_What you have to do_
Your reply should be an exact copy of every entry, with the pictures removed.
--------
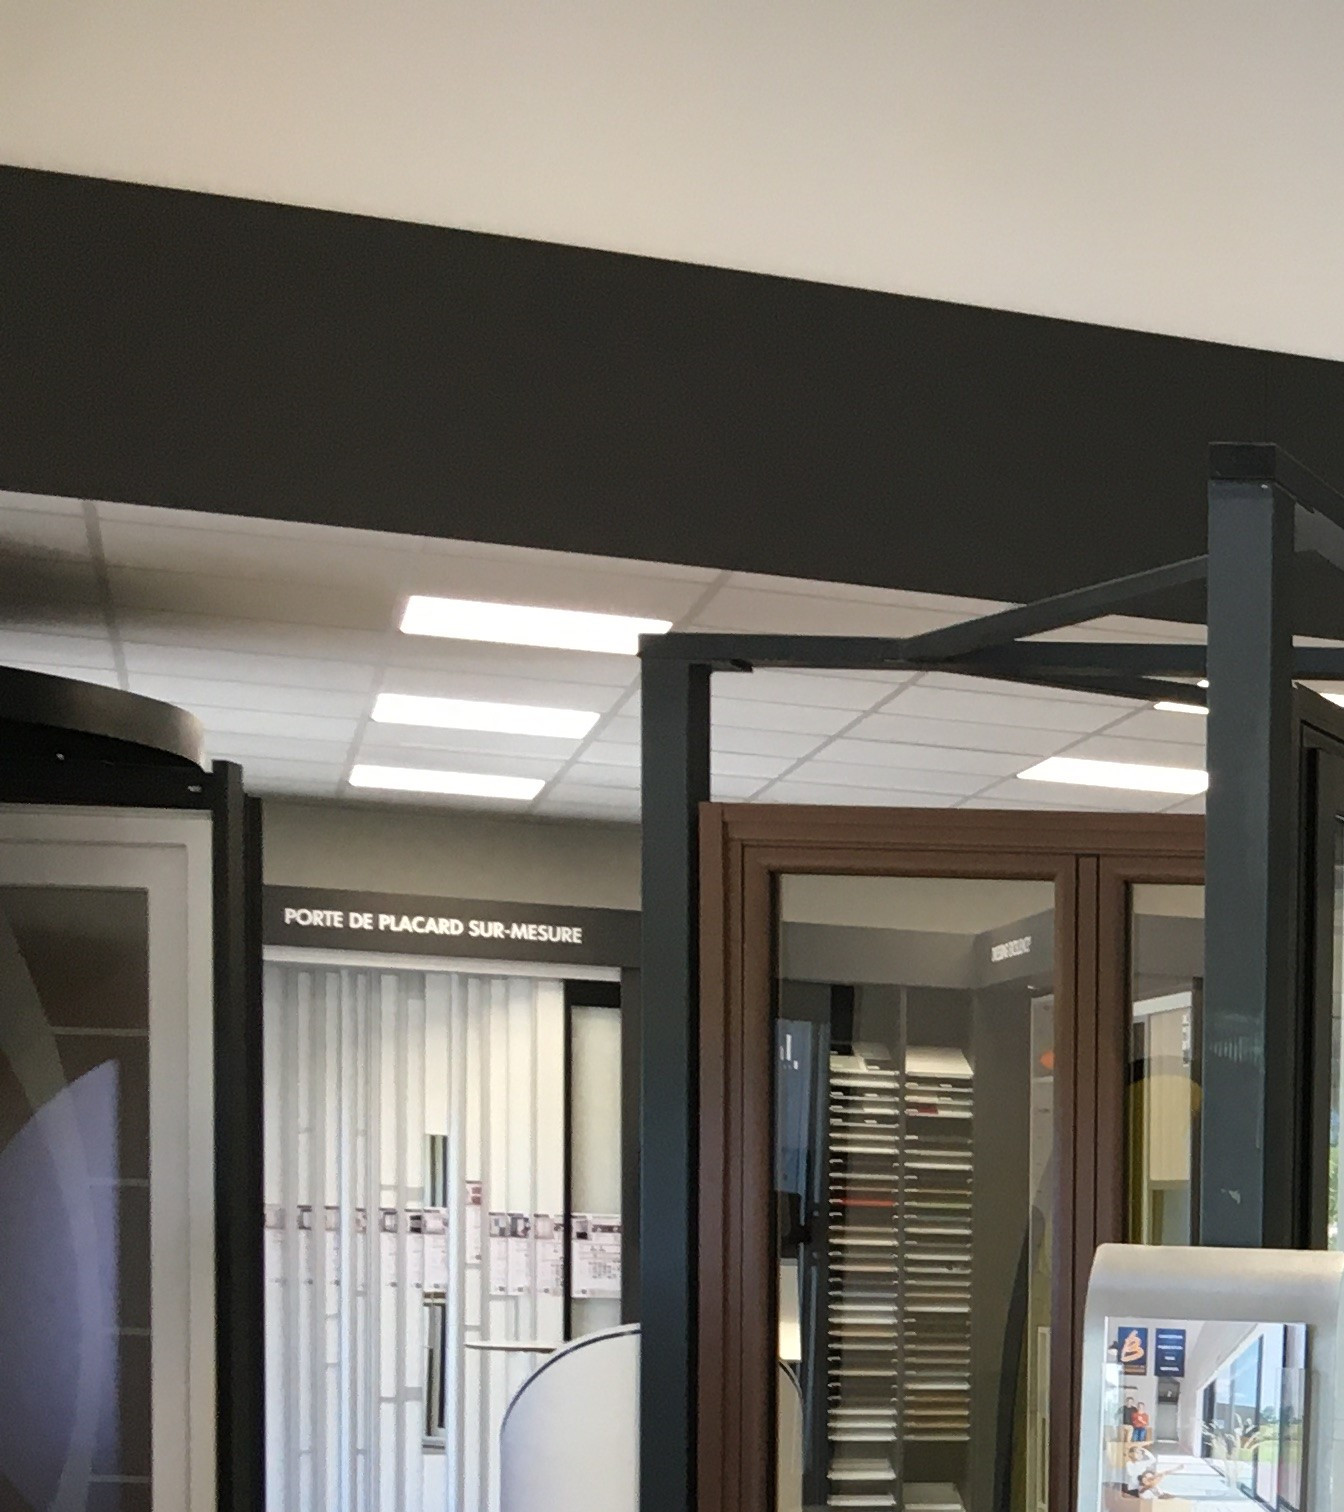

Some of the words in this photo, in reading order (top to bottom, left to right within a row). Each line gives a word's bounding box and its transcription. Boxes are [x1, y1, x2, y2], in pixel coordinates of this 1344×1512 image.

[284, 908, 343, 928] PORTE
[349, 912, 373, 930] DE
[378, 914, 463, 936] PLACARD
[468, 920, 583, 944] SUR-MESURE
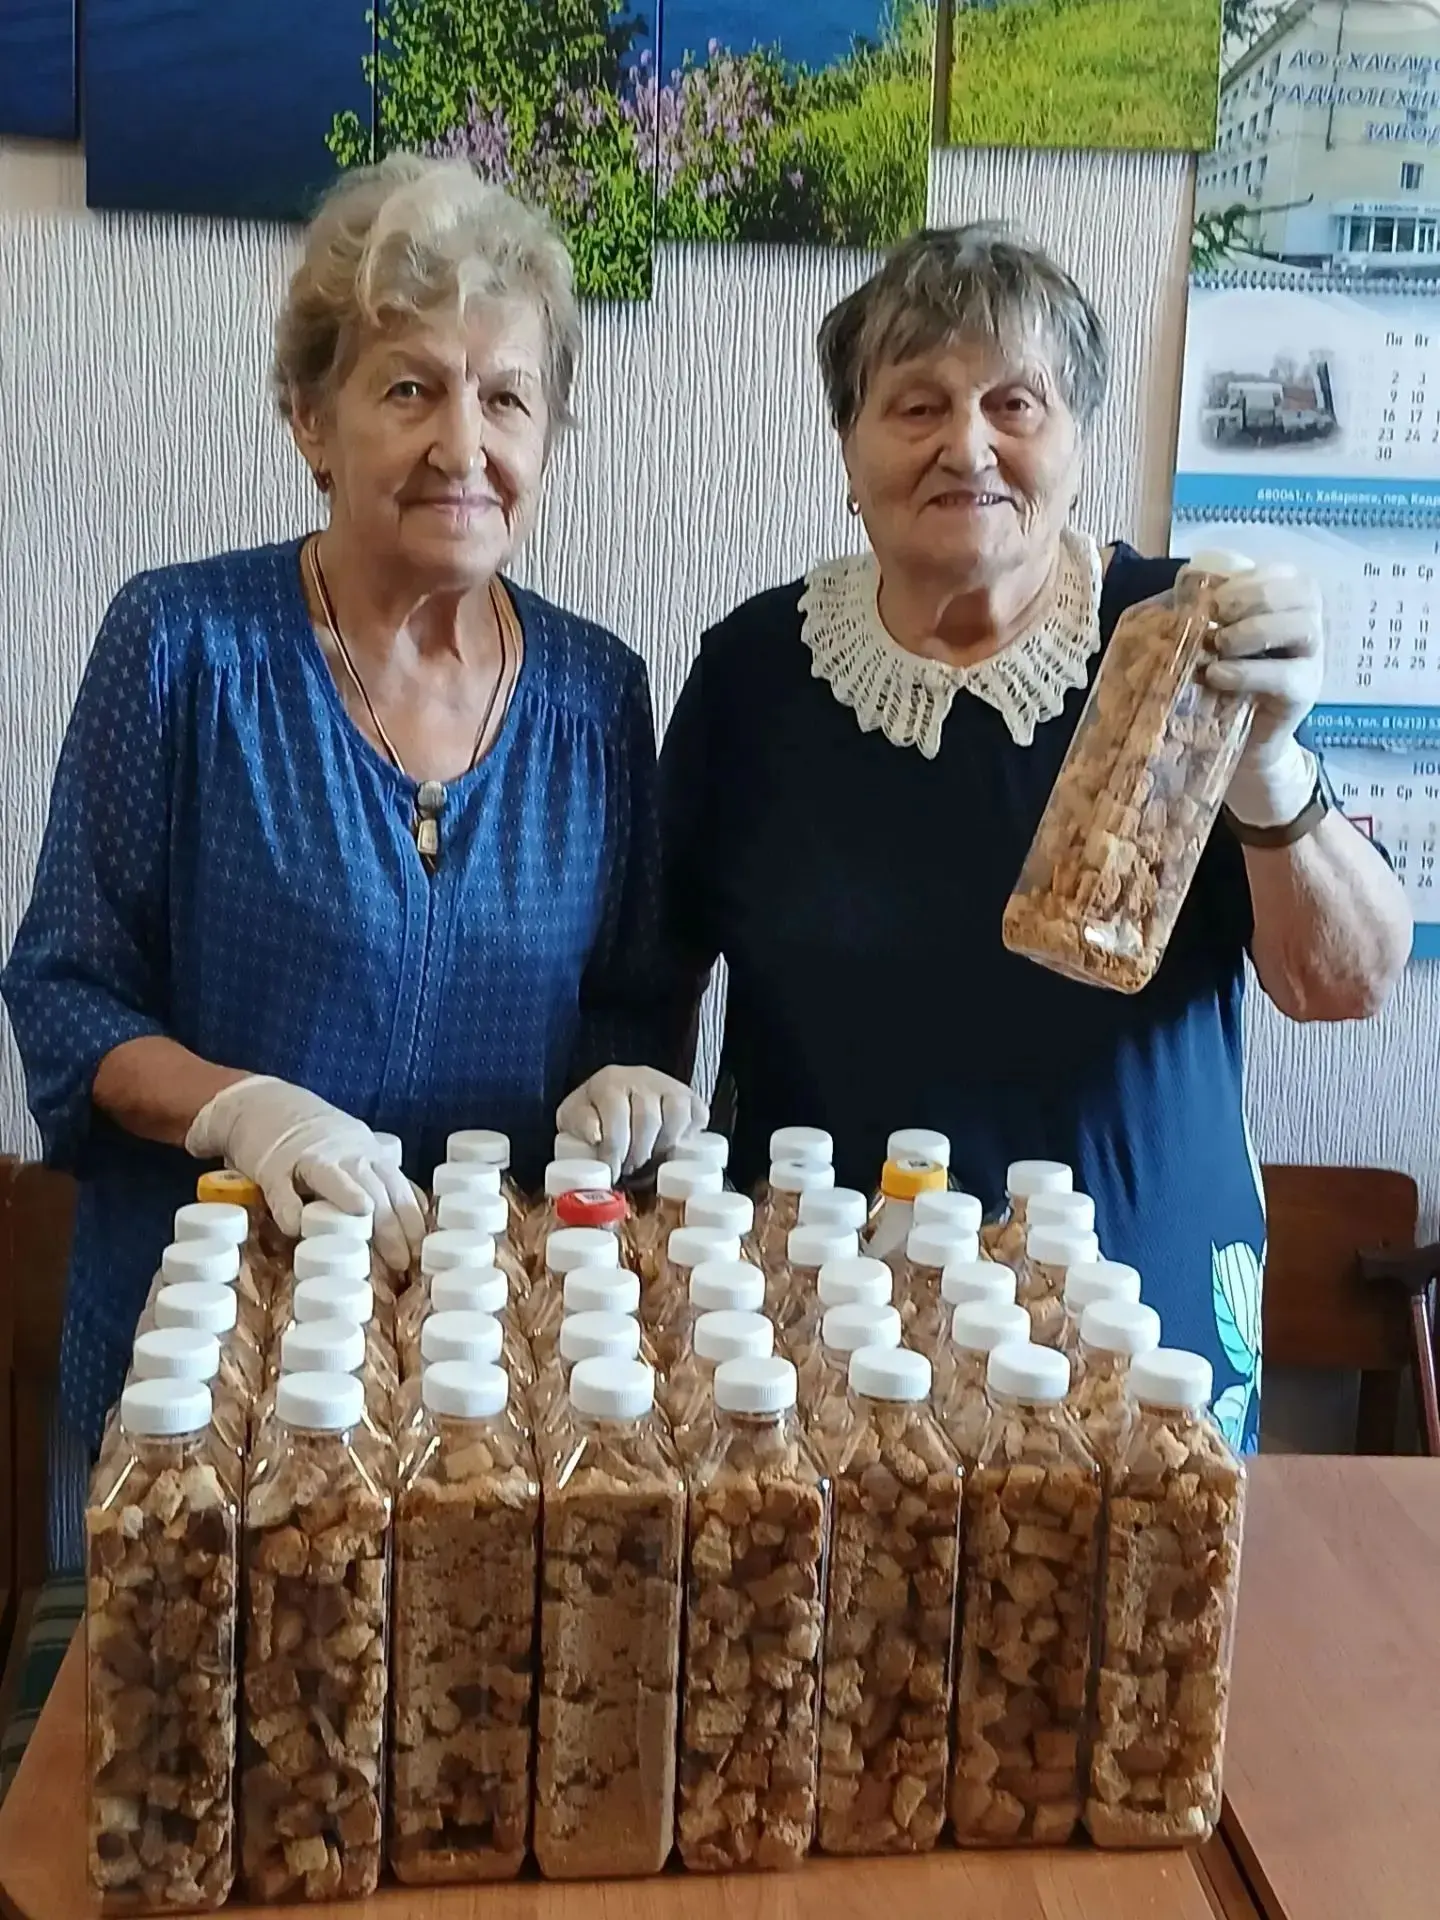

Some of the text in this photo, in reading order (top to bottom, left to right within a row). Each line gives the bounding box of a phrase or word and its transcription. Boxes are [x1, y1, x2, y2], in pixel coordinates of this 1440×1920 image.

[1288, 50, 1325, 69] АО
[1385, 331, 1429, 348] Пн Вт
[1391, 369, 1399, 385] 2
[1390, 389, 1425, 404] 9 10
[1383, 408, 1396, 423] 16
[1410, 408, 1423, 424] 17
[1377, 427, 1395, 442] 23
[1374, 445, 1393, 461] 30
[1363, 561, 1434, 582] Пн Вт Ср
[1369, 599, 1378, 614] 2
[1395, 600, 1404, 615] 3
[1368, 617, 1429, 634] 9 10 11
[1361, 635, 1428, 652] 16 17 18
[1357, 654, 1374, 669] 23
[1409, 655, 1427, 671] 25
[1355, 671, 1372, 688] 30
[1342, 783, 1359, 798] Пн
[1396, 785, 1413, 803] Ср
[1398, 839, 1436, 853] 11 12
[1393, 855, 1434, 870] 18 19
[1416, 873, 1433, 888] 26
--------
_Task solution_
Some of the words in this photo, in reading order (top to bottom, left to right within a row). Each line gives a word's bounding box and its transcription. Boxes are [x1, y1, x2, y2], in pixel coordinates of this 1344×1512 image.

[284, 908, 343, 928] PORTE
[349, 912, 373, 930] DE
[378, 914, 463, 936] PLACARD
[468, 920, 583, 944] SUR-MESURE

Some of the text in this photo, in reading order (top to bottom, left to right within a row). Each line gives the bounding box of a phrase or word and its transcription. Boxes are [x1, y1, x2, y2], in pixel coordinates of this 1440×1920 image.

[1288, 50, 1325, 69] АО
[1385, 331, 1429, 348] Пн Вт
[1391, 369, 1399, 385] 2
[1390, 389, 1425, 404] 9 10
[1383, 408, 1396, 423] 16
[1410, 408, 1423, 424] 17
[1377, 427, 1395, 442] 23
[1374, 445, 1393, 461] 30
[1363, 561, 1434, 582] Пн Вт Ср
[1369, 599, 1378, 614] 2
[1395, 600, 1404, 615] 3
[1368, 617, 1429, 634] 9 10 11
[1361, 635, 1428, 652] 16 17 18
[1357, 654, 1374, 669] 23
[1409, 655, 1427, 671] 25
[1355, 671, 1372, 688] 30
[1342, 783, 1359, 798] Пн
[1396, 785, 1413, 803] Ср
[1398, 839, 1436, 853] 11 12
[1393, 855, 1434, 870] 18 19
[1416, 873, 1433, 888] 26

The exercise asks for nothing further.